Problem to solve: Images do not belong in the copy. Retype all the entries below exactly.

Exercise material:
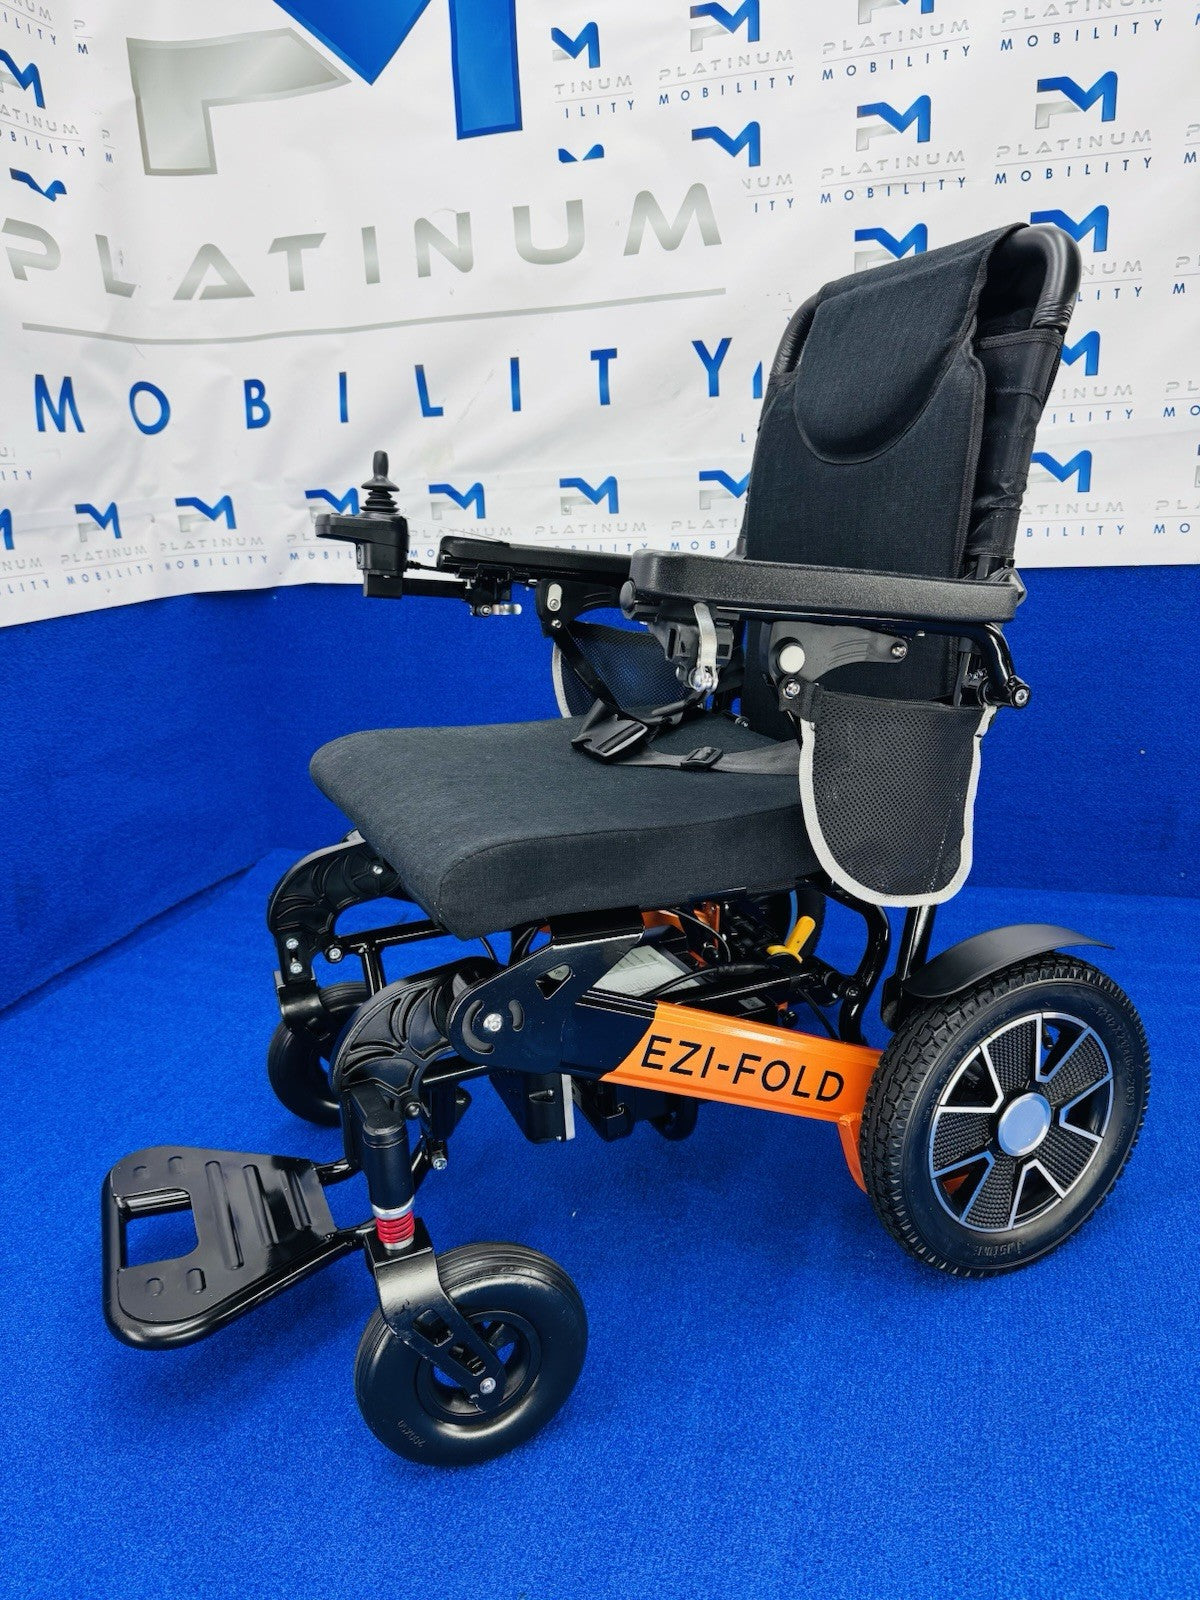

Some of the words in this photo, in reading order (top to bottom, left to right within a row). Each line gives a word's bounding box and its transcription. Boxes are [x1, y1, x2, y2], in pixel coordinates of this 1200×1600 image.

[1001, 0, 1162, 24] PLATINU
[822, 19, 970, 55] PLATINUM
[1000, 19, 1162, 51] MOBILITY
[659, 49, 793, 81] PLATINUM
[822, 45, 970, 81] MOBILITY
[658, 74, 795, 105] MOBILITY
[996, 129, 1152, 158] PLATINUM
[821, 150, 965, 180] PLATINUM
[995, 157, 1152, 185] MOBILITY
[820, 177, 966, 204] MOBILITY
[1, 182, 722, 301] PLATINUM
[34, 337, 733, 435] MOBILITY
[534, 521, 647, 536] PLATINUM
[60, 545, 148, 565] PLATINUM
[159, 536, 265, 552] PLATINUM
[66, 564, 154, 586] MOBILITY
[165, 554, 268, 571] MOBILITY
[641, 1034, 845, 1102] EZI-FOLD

Your response:
Some of the words in this photo, in reading order (top to bottom, left to right within a row). Each line gives a word's bounding box and its transcription. Boxes are [x1, y1, x2, y2], in pixel coordinates of this 1200×1600 image.

[1001, 0, 1162, 24] PLATINU
[822, 19, 970, 55] PLATINUM
[1000, 19, 1162, 51] MOBILITY
[659, 49, 793, 81] PLATINUM
[822, 45, 970, 81] MOBILITY
[658, 74, 795, 105] MOBILITY
[996, 129, 1152, 158] PLATINUM
[821, 150, 965, 180] PLATINUM
[995, 157, 1152, 185] MOBILITY
[820, 177, 966, 204] MOBILITY
[1, 182, 722, 301] PLATINUM
[34, 337, 733, 435] MOBILITY
[534, 521, 647, 536] PLATINUM
[60, 545, 148, 565] PLATINUM
[159, 536, 265, 552] PLATINUM
[66, 564, 154, 586] MOBILITY
[165, 554, 268, 571] MOBILITY
[641, 1034, 845, 1102] EZI-FOLD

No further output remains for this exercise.